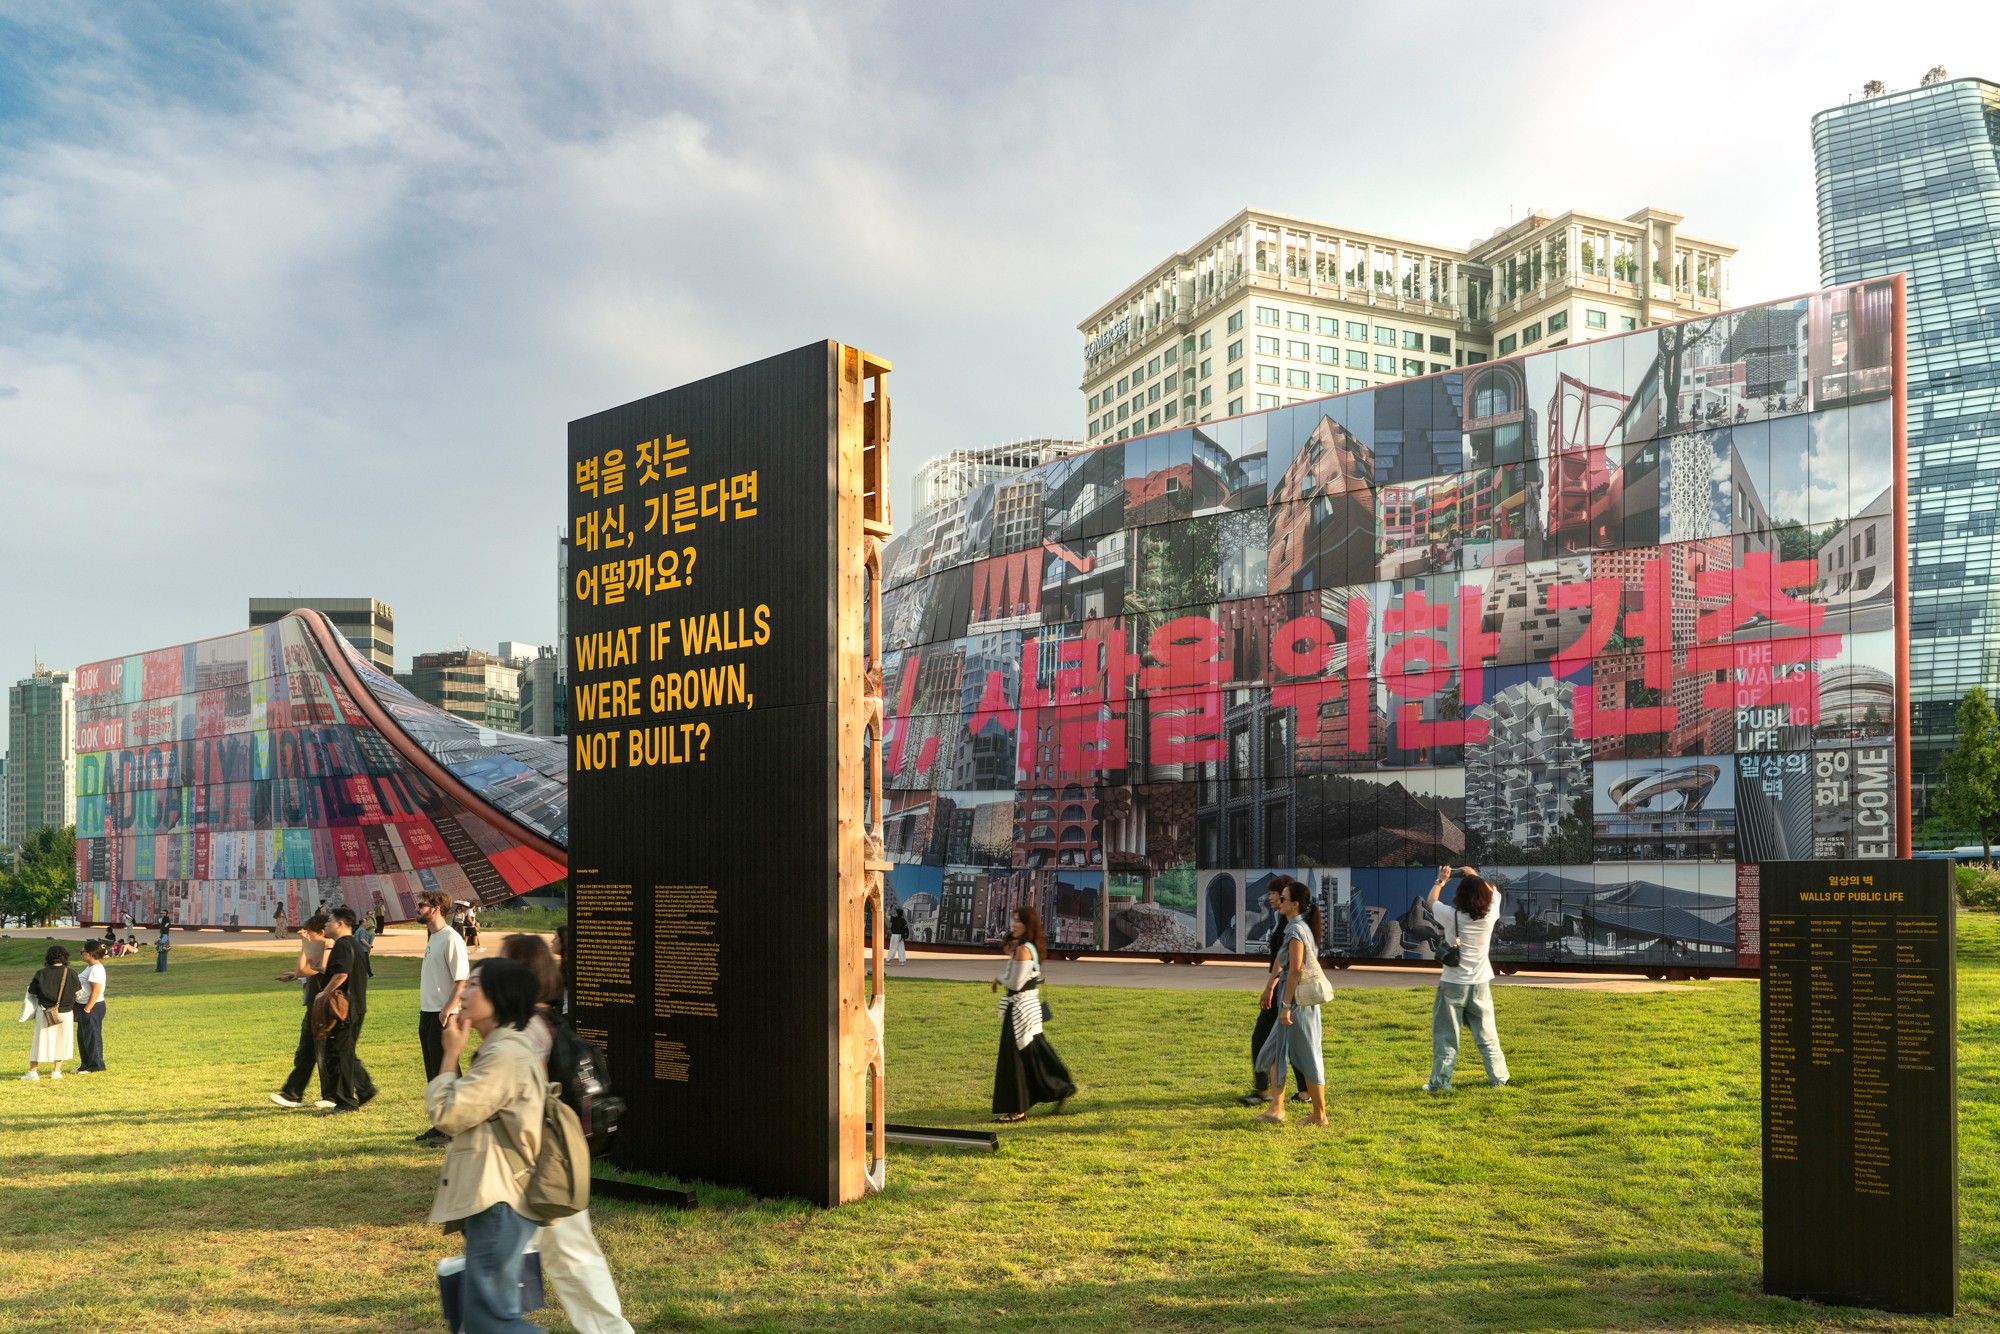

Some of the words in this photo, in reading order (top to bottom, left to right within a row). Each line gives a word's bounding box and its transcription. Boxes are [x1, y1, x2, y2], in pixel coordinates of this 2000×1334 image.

[1084, 315, 1132, 361] SOMERSET
[576, 448, 626, 499] 벽을
[636, 434, 689, 485] 짓는
[575, 504, 634, 552] 대신,
[645, 470, 758, 535] 기른다면
[575, 546, 697, 605] 어떨까요?
[576, 626, 641, 671] WHAT
[651, 621, 671, 661] IF
[680, 604, 771, 656] WALLS
[968, 616, 1233, 772] 사람을
[1271, 584, 1499, 754] 위한
[1547, 551, 1843, 739] 건축
[1737, 645, 1772, 666] THE
[76, 669, 99, 691] LOOK
[111, 664, 123, 685] UP
[204, 672, 219, 687] THIS
[231, 667, 245, 683] NOT
[1737, 663, 1806, 687] WALLS
[202, 689, 225, 706] ABOUT
[576, 678, 641, 721] WERE
[651, 663, 753, 713] GROWN,
[1737, 688, 1761, 709] OF
[1737, 707, 1809, 730] PUBLIC
[76, 727, 99, 749] LOOK
[104, 723, 123, 746] OUT
[576, 731, 620, 771] NOT
[629, 723, 711, 767] BUILT?
[1737, 731, 1778, 751] LIFE
[1739, 753, 1807, 778] 일상의
[1762, 778, 1783, 801] 벽
[1815, 751, 1850, 807] 환영
[1829, 875, 1860, 886] 일상의
[1862, 875, 1873, 886] 벽
[1800, 892, 1831, 901] WALLS
[1834, 892, 1845, 901] OF
[1849, 892, 1881, 901] PUBLIC
[1884, 892, 1904, 901] LIFE
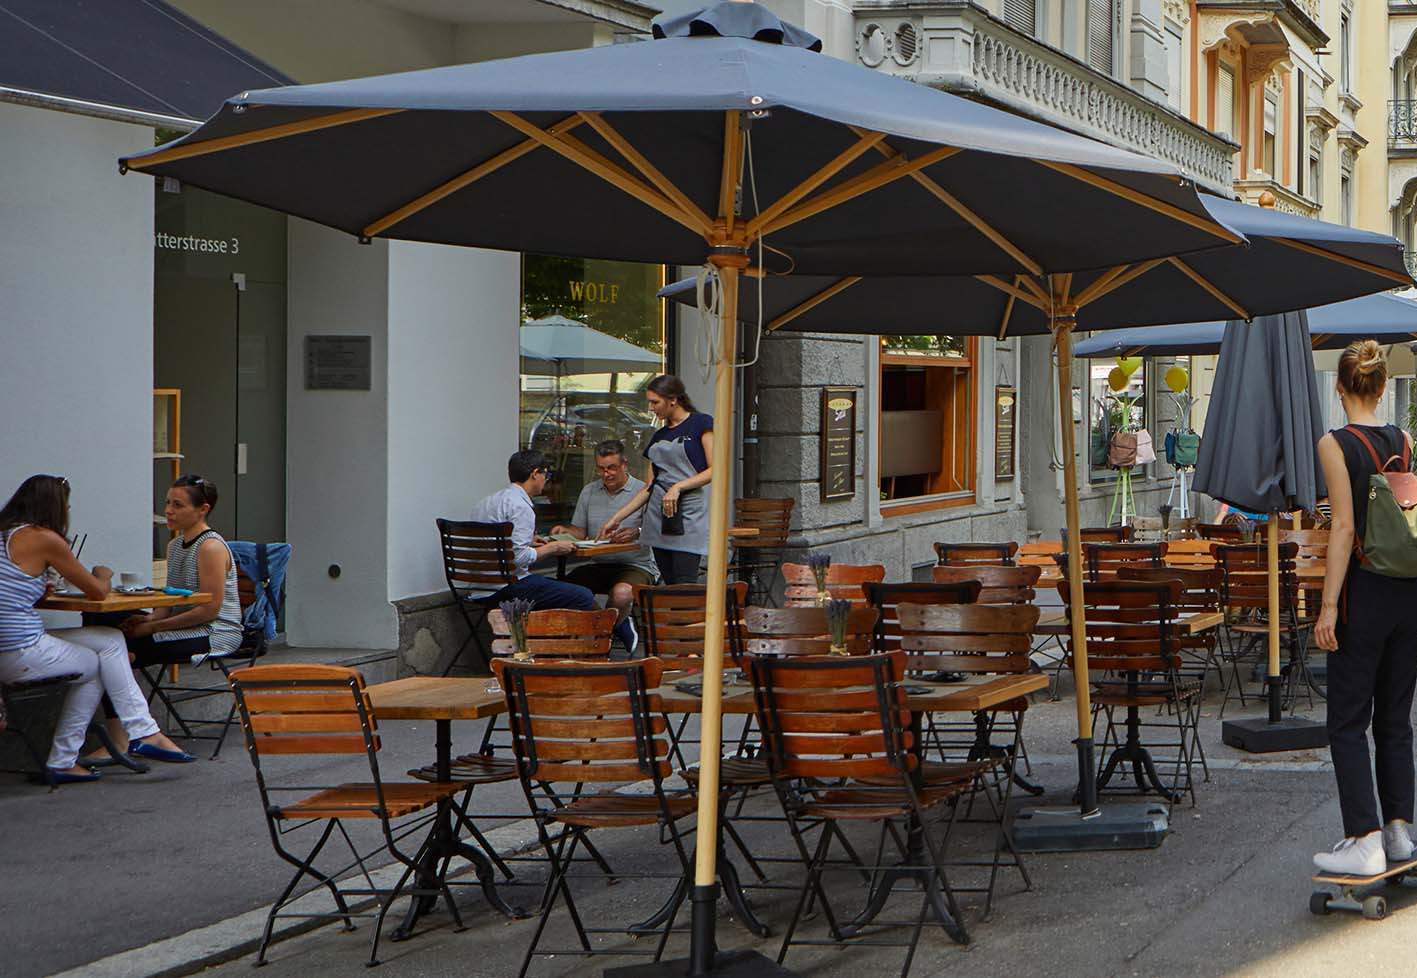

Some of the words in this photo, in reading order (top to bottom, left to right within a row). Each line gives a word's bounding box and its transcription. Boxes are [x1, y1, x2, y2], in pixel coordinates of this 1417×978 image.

● **Task instructions**
Go through the entries above and write them out again exactly, images left behind.

● **Answer box**
Some of the words in this photo, in reading order (top to bottom, left to right within a row). Each line gives a word's bounding box and its transcription. Boxes are [x1, y1, x2, y2], in pixel coordinates of this 2000×1334 image.

[1084, 315, 1132, 361] SOMERSET
[576, 448, 626, 499] 벽을
[636, 434, 689, 485] 짓는
[575, 504, 634, 552] 대신,
[645, 470, 758, 535] 기른다면
[575, 546, 697, 605] 어떨까요?
[576, 626, 641, 671] WHAT
[651, 621, 671, 661] IF
[680, 604, 771, 656] WALLS
[968, 616, 1233, 772] 사람을
[1271, 584, 1499, 754] 위한
[1547, 551, 1843, 739] 건축
[1737, 645, 1772, 666] THE
[76, 669, 99, 691] LOOK
[111, 664, 123, 685] UP
[204, 672, 219, 687] THIS
[231, 667, 245, 683] NOT
[1737, 663, 1806, 687] WALLS
[202, 689, 225, 706] ABOUT
[576, 678, 641, 721] WERE
[651, 663, 753, 713] GROWN,
[1737, 688, 1761, 709] OF
[1737, 707, 1809, 730] PUBLIC
[76, 727, 99, 749] LOOK
[104, 723, 123, 746] OUT
[576, 731, 620, 771] NOT
[629, 723, 711, 767] BUILT?
[1737, 731, 1778, 751] LIFE
[1739, 753, 1807, 778] 일상의
[1762, 778, 1783, 801] 벽
[1815, 751, 1850, 807] 환영
[1829, 875, 1860, 886] 일상의
[1862, 875, 1873, 886] 벽
[1800, 892, 1831, 901] WALLS
[1834, 892, 1845, 901] OF
[1849, 892, 1881, 901] PUBLIC
[1884, 892, 1904, 901] LIFE

Some of the words in this photo, in reading order (top to bottom, left to right within a row). Each line gives a word's bounding box and its transcription. Boxes are [x1, y1, x2, y2], in pixel coordinates of this 1417×978 image.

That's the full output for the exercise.